Stem cell transplants are one of the most effective treatments for blood cancer patients. However, it comes with a risk of serious graft-versus-host disease (GVHD).
GVHD happens when immune cells from the donor, especially T-cells (cells that fight infections and cancer) are transplanted together with the stem cells and view the recipient’s body as foreign and then react against it.
This is because the patient carries a genetic signature that is different from the donor, producing proteins that are seen as foreign by the donor’s immune system.

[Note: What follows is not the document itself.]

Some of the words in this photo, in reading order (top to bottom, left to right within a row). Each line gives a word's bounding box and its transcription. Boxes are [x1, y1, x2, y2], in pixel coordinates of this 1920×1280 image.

Since the cancer cells also display a different protein set, these proteins can serve as markers for their destruction by the donor’s natural defense system. But for that, researchers need to be able to identify proteins that are specific to cancer cells and restricted to the blood so that no other tissues are targeted by the donor’s immune cells.
“If you could identify and activate the immune cells from the stem cell donor that only target leukemia cells, and not normal, healthy cells, that would be a big win,” Ben Vincent, MD, an assistant professor at the University of North Carolina School of Medicine and co-senior author of the study, said in a UNC news release.

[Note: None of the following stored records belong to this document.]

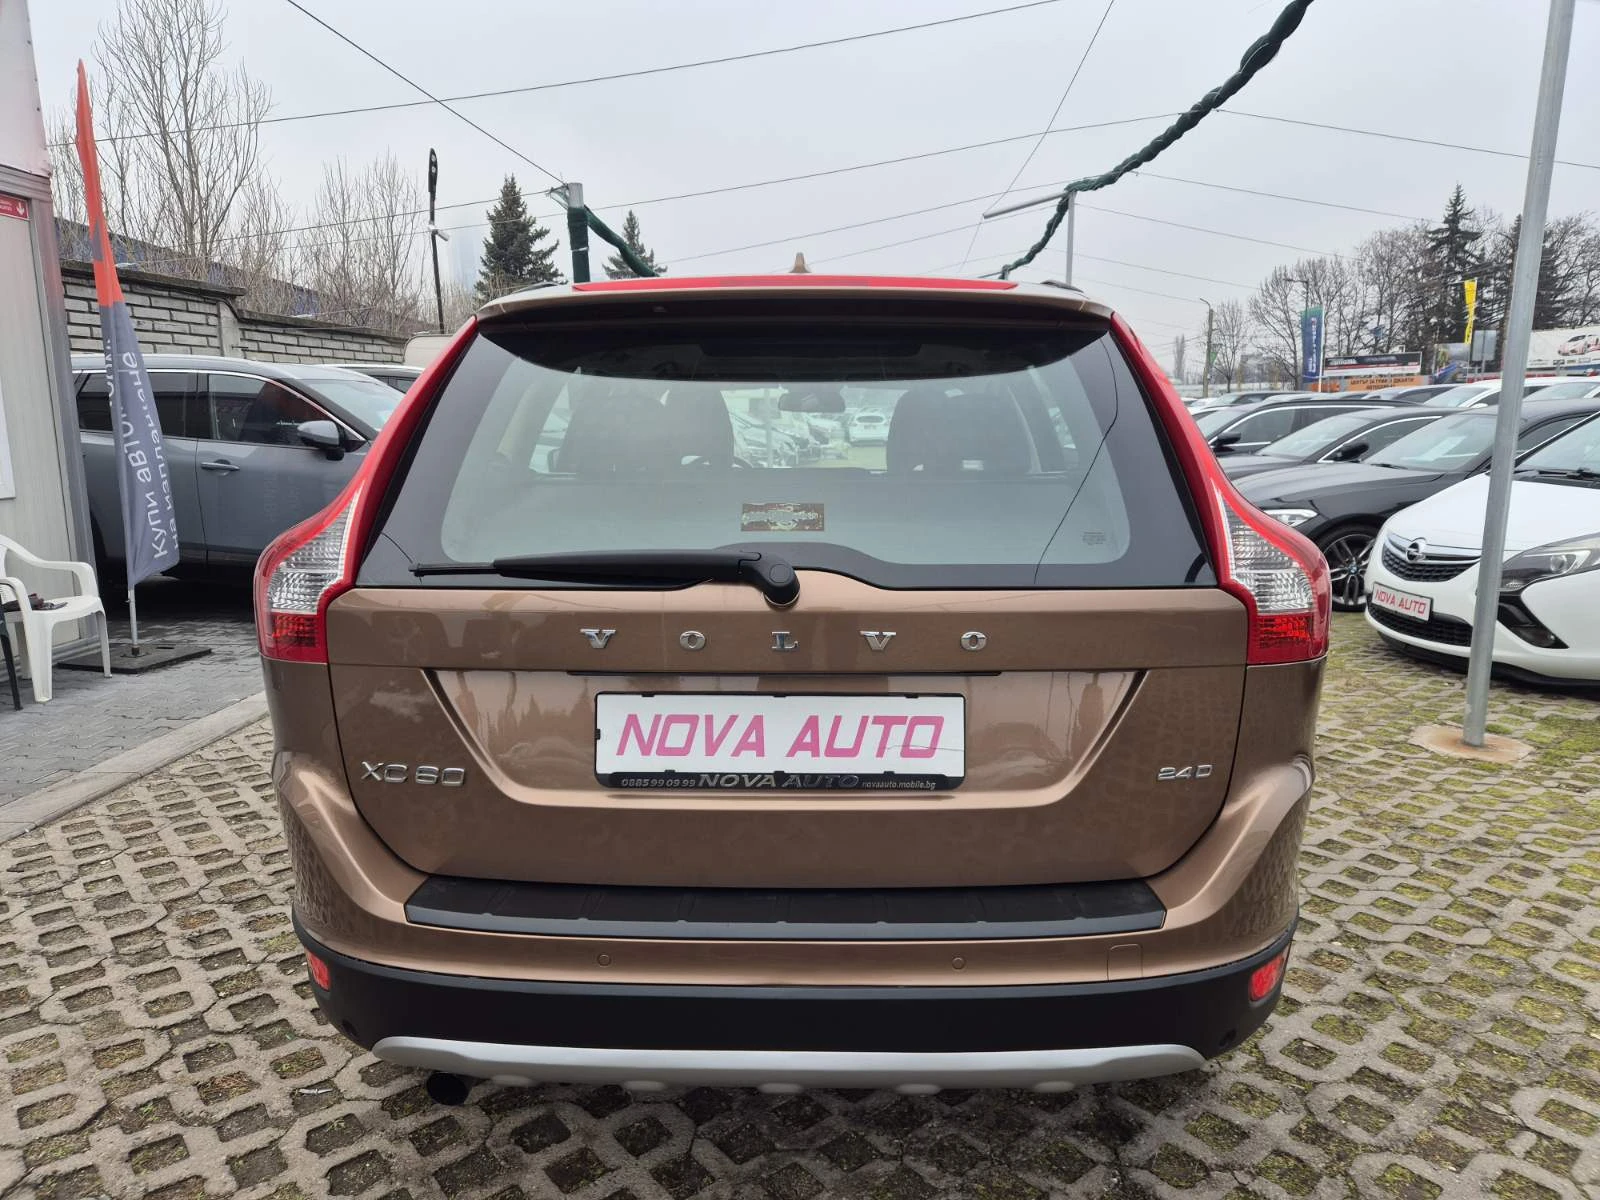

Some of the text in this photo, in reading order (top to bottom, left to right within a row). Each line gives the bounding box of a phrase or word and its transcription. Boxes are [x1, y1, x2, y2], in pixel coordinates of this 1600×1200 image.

[1375, 589, 1427, 615] NOVA AUTO
[580, 628, 988, 652] VOLVO
[616, 714, 945, 758] NOVA AUTO
[698, 774, 777, 788] NOVA
[781, 774, 860, 788] AUTO

Researchers at the UNC Lineberger Comprehensive Cancer Center developed a method that uses genetic sequencing and computer software to predict which genetic sequences in patients lead to a unique set of proteins at the surface of cancer cells (called minor histocompatibility antigens).

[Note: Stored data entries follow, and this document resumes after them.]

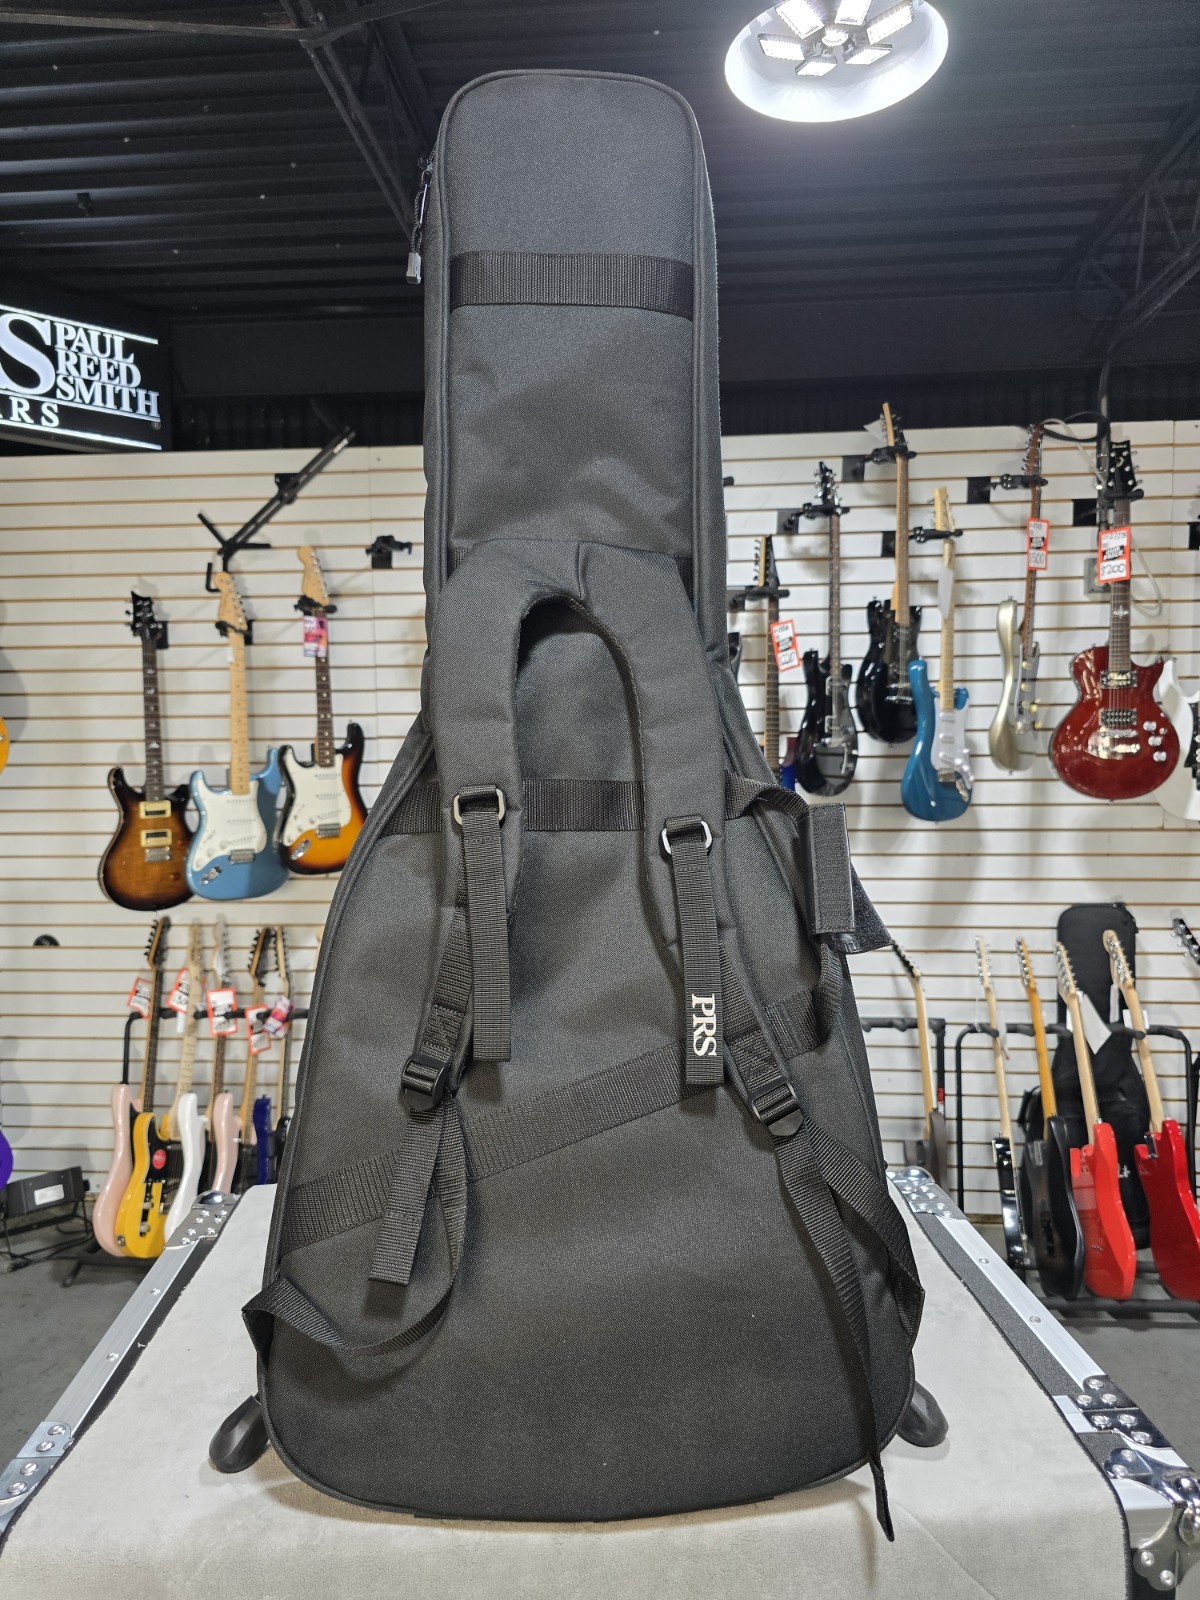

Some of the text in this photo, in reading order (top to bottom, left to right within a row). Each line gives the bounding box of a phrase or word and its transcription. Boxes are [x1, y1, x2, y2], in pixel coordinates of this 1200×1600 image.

[54, 321, 135, 364] PAUL
[55, 348, 142, 388] REED
[0, 395, 60, 428] RS
[56, 375, 161, 418] SMITH
[691, 993, 718, 1057] PRS

They tested their software in a group of 101 myeloid leukemia patients who had undergone stem cell transplants and whose genome had been analyzed for small variations, called single-nucleotide polymorphisms, or SNPs, in protein-coding genes.
Sixty-one patients had acute myeloid leukemia, 25 had chronic myeloid leukemia, 14 had myelodysplastic syndrome, and one patient had myeloproliferative neoplasms.
The UNC computational analysis identified 14 of 18 minor histocompatibility antigens known to occur in leukemia patients. Moreover, they identified a list of 102 new minor histocompatibility antigen targets that could be expressed on leukemia patients cancer cells.
One of the new hits arises due to a single variation in the G-protein-coupled receptor 4 kinase (GRK4) gene. The GRK4 protein is found in leukemia and testis cancer, as well as in other cancer types but has little to no activity in other normal tissues.
Four of nine acute myeloid leukemia patients who had undergone stem cell transplants developed immune responses against GRK4, supporting its potential as a new target for immunotherapies across leukemia patients.
Now, researchers will continue to optimize their software and aim to predict the most common leukemia-associated minor histocompatibility antigens in the U.S. population.
After experimental confirmation of the potential hits, these results support the engineering of donor immune cells to specifically target the proteins present in cancer cells, leaving the patient’s healthy tissues intact.
“We’ve developed a software package that predicts leukemia-specific immune targets in any leukemia patient undergoing a stem cell transplant based on DNA and RNA sequencing and demonstrated that these data can lead to actual targets expressed on leukemia cells,” Vincent said.
“The next step of our work is to use that information for patient-specific therapies to try to improve cure rates without making graft-versus-host disease worse,” he added.
This work was supported by grants from the National Institutes of Health and the National Cancer Institute. Additional funding came from an ASCO Young Investigator Award, and researchers were supported by the University Cancer Research Fund and the UNC Scott Neil Schwirck Fellowship.